The NMHC Report states that the combined Commonwealth, state, and territory funding for mental health care amounts to an estimated $13.52 billion (see Vol. 4, page 4). As can be seen on the right, approximately one third of the funding comes from the states and territories; and another third of the funding goes towards the Disability Support Pension (DSP). These figures raise some important questions about what proportion of the funding is directed to treatment of mental health disorders. As can be seen by the pie-graph, a relatively small fraction of that funding goes to medication (via the PBS at 6.1%) and treatment services delivered under Medicare (via the MBS at 6.3%). The current picture of mental health care funding is that much of it is committed to various services and programs which do not provide treatment. Although such programs are very much in need by those living with a mental health condition, it is important to appreciate how little of our funding actually goes to providing therapy, medication, and so on.
Looking at these figures we can see that only 9.6% of the $140.24 billion directed to health actually reaches mental health. When we compare that to figures such as the burden of disability there is an obvious mismatch. Mental health disorders have been calculated to represent 13% of the years of life lost by comparison to cancer (19%) and cardiovascular disease (18%). Put simply, the scale of our investment on mental health does not align with the size of the issue. One might argue that 9.6% and 13% is not that big of a difference, however, when we look at those percentages in terms of actual funding, that’s a difference of nearly $5 billion. And if we repeat the calculations by removing non-treatment funding (such as the DSP), then the figure sits at just 6.5%, or an additional $9.1 billion we should be directing to mental health care.

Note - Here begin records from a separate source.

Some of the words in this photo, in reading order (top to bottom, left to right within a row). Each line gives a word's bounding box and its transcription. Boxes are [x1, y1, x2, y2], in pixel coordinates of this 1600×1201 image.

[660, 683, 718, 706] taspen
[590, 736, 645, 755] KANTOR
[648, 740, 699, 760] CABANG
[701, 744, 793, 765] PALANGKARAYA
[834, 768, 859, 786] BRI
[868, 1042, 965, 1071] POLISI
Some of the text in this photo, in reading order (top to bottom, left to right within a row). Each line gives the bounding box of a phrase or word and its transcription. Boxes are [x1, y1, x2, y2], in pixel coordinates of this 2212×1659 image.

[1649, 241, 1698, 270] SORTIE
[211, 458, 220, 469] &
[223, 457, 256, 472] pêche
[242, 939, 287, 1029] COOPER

Now if we return to the recommendations of the NMHC Report, the question is where we can find $1 billion in funding for community-based mental health care? It seems pretty obvious from the above figures that we are not committing nearly enough funding to mental health care in the first place. Reshuffling the same sparse funding amounts to redistributing the crisis. If Australia can afford $12 billion for 58 more F-35 Joint Strike Fighters then surely we can afford just $1 billion for community-based mental health care. Cant we?
Pauline Miles
My experience is that we do need more money out into mental health care in the public systems. From my own experience there are not enough psychologists in the public system where it is free for people who can’t afford the luxury of going to a private psychologist. Oh yes we have the mental health care plan that allows for 6 to 10 sessions. This is where the issues lie. I know that I would not want to open Pandora’s box only to know that I would not get the treatment idea that once I had opened up, after a few appointments, my deep pain to know that i only had a few appointments to work with a practitioner, knowing that I would be left in the middle of therapy because I could not afford the cost of further treatment for my individual needs. It took a lifetime of abuse to make and you should not have a time limit placed on therapy of this nature. It is a very dangerous practice to open Pandora’s box and leave people hanging on a cliff edge.

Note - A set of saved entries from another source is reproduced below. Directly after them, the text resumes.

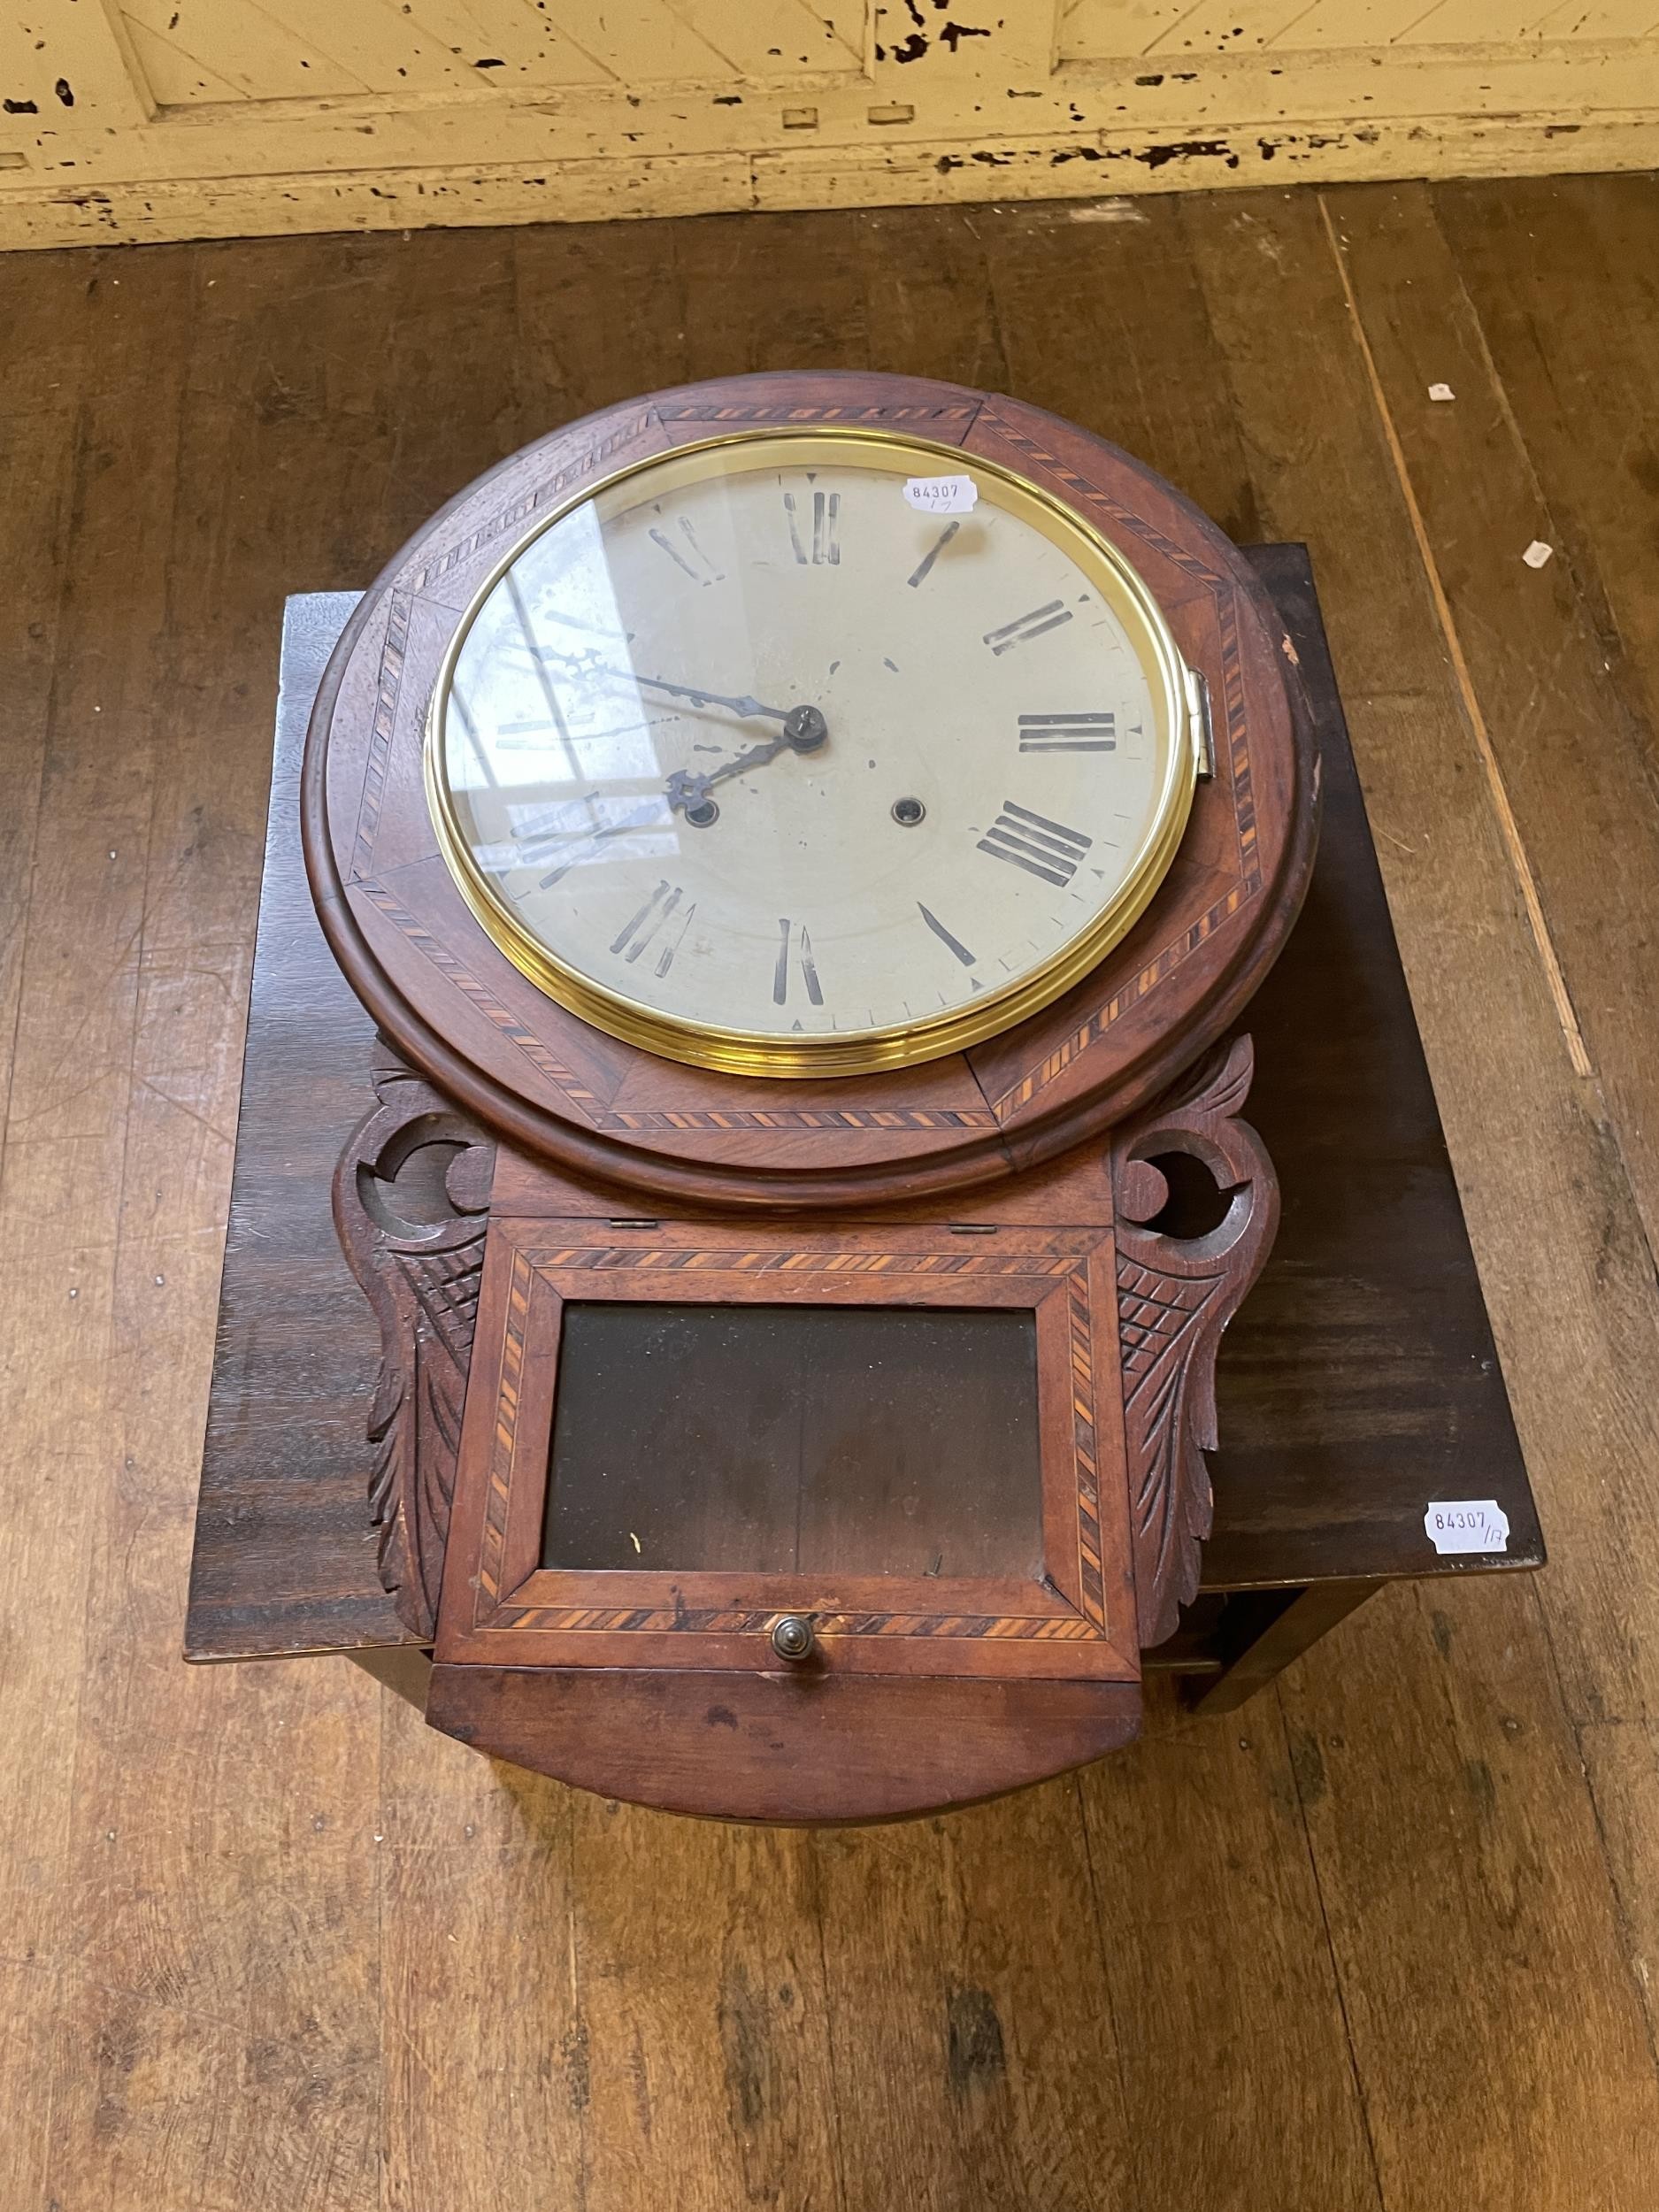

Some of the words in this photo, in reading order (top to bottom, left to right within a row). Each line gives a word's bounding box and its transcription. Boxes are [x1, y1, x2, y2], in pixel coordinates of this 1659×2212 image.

[913, 484, 958, 498] 84307
[983, 599, 1073, 657] II
[1018, 712, 1117, 753] III
[976, 800, 1094, 888] IIII
[1435, 1512, 1486, 1530] 84307

It should not be time limited, it should be as long as it takes. We have such an unfair system where people who have the wealth can afford good treatment and those of us who are on DSP or low incomes can’t afford the necessary treatment we need to keep our mental health and out our general well-being in good shape. We need more services that are affordable to the poor and that will not happen if money is not put into the already, burden public system. So people can access therapy. Community care is also in need of a boost in funding but you can’t rob Peter to pay Paul.